The ability to bifurcate logical planes from underlying storage hardware has ushered in the era of the “software-defined data center”. Some see it as a widespread movement to virtualize everything in order to maximize mobility and scalability. Others see it as more flashy marketing speak. The jury is out… but the underlying concept does promote IT strategies that SMBs should implement, which strive to bridge the gap with enterprise operations while staying within budget. After all, SMB IT departments are no less important than their enterprise counterparts. Both are increasingly critical within their overarching organizations. Today, nearly all business units within a company, no matter the size, are putting more stringent demands on their IT departments, expecting seemingly infinite elasticity, on-demand fulfillment, and rigorous SLAs.

What is Software-Defined Storage?

“Software-defined storage” (SDS), which falls under the “software-defined data center” is one of the first virtualization technologies SMBs ought to consider, as data accumulation for organizations of all stripes are exploding. Its definition may be elusive, just like anything “software-defined”, but it’s most definitely not just a marketing buzzword.

With fuzzy parameters, software-only, hardware-only, and converged products all fall within the broadly generous criteria for SDS. SDS should include:

  • Automation – Simplified management that reduces the cost of maintaining the network-attached and direct-attached storage infrastructure.
  • Standard Interfaces – APIs for the management, provisioning and maintenance of storage devices and services.
  • Virtualized Data Path – Block, file and/or object interfaces that support applications written to these interfaces.
  • Scalability – Seamless ability to scale the storage infrastructure without disruption to the specified availability or performance.
  • Transparency – The ability for storage consumers to monitor and manage their own storage consumption against available resources and costs.

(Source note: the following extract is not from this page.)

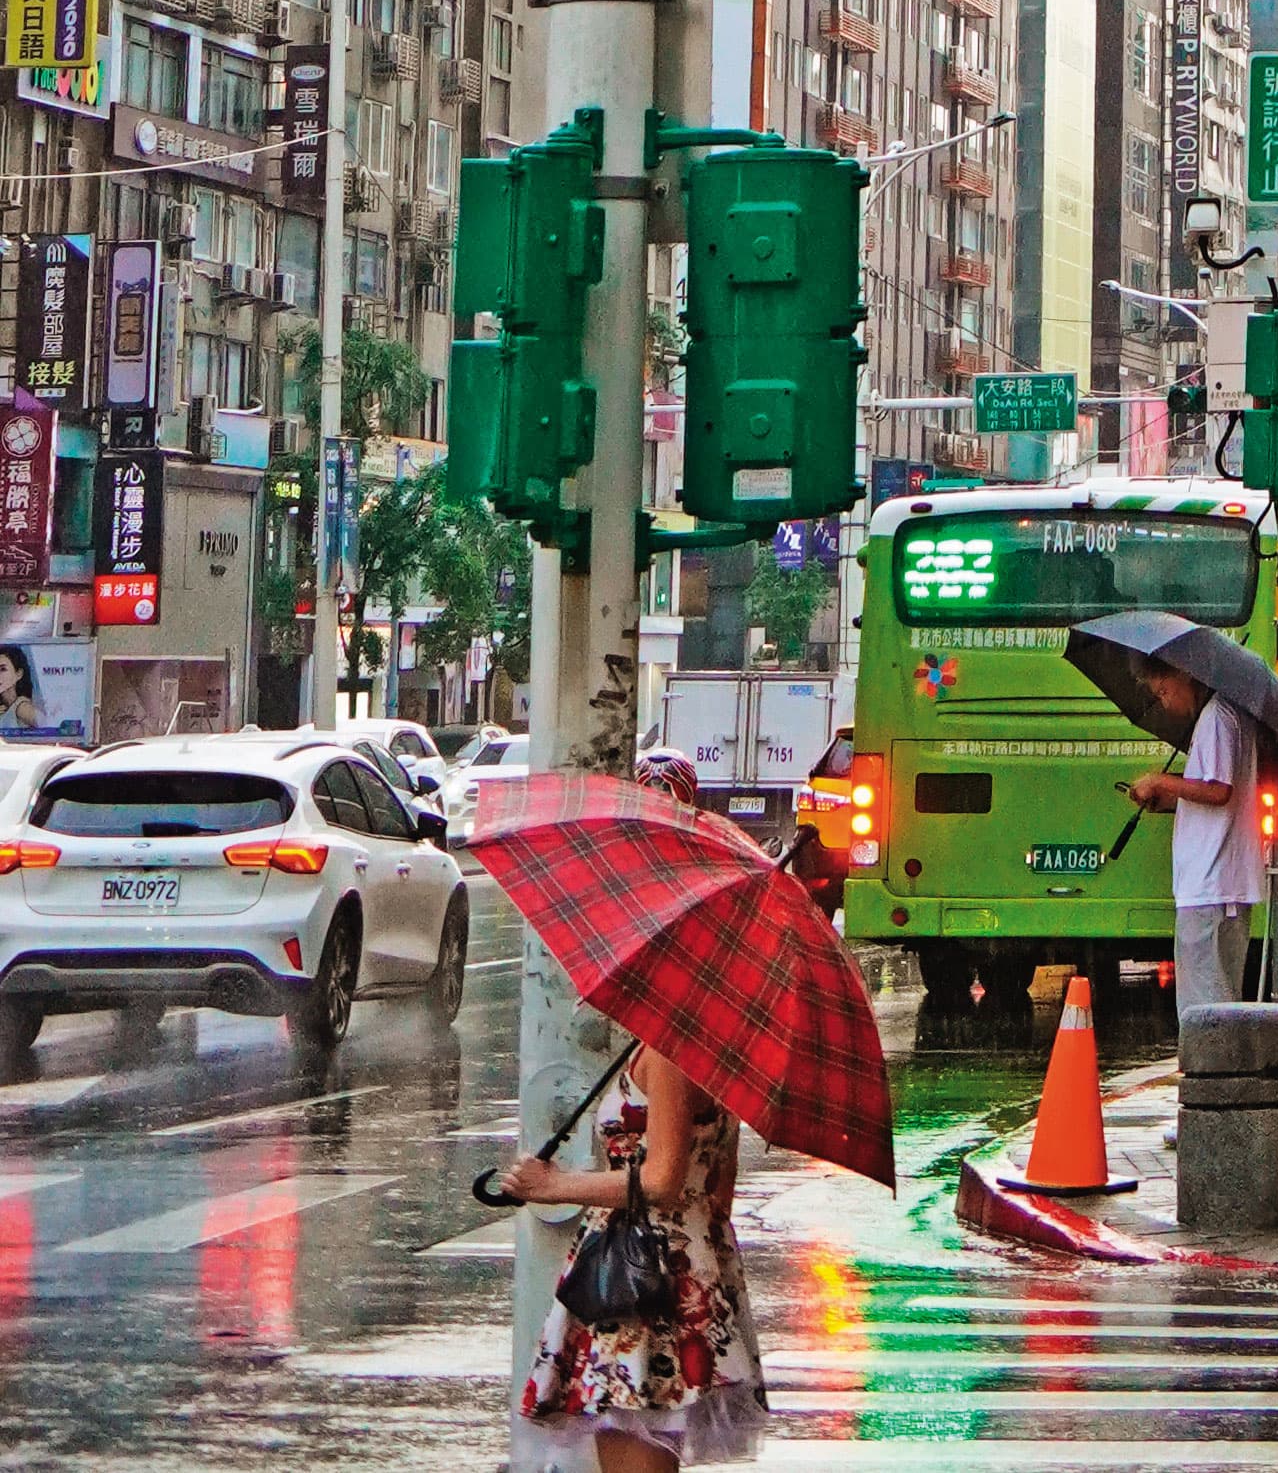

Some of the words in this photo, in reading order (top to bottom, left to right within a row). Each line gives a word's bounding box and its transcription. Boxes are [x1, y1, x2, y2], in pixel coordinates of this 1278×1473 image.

In a nutshell, and what SMBs should think of as software-defined storage for their purposes is highly scalable, automated storage systems that aggregate and streamline storage across their whole IT environment. Synology offers an array of converged SDS-powered Network Attached Storage (NAS) products that are ideal for SMB operations. Its Virtual Machine Manager (VMM) Pro allows users to seamlessly cluster storage between physical and virtual machines and is conveniently operating system-agnostic. This solution is available across Synology Plus, FS, and XS Series NAS systems, which fall within desired SMB cost profiles.

Specific features that are of critical importance to SMBs when employing SDS solutions are web-based user interfaces for easier management of systems. Other important attributes are:

  • Self-service interface – Allowing support for a chargeback.
  • Policy-based management — What the SNIA says is 'nearly always' a scale-out architecture.
  • Pooling of storage and other resources.
  • Using metadata in service-level management.

Such SDS platforms can provide numerous benefits for SMBs. First, without locking into a specific type of hardware, software, or operating system, IT organizations can always benefit from the latest developments in swappable commodity hardware. In comparison to traditional non-virtualized storage arrays, SDS-augmented storage delivers scalability, consistency, and agility. Also, this iteration of software-defined storage, allows SMBs to maintain the ability to run in cloud environments to facilitate native replication and without a need to refactor data.

SMBs should explore the benefits of virtualization across all components of the IT stack; however, SDS is a no brainer as a major first step toward digital transformation. The technology provides an opportunity to rapidly introduce liquidity to one of the most precious commercial assets – data. With SDS all departments with an SMB can get rapid access to all the information they need when they need it to drive business growth.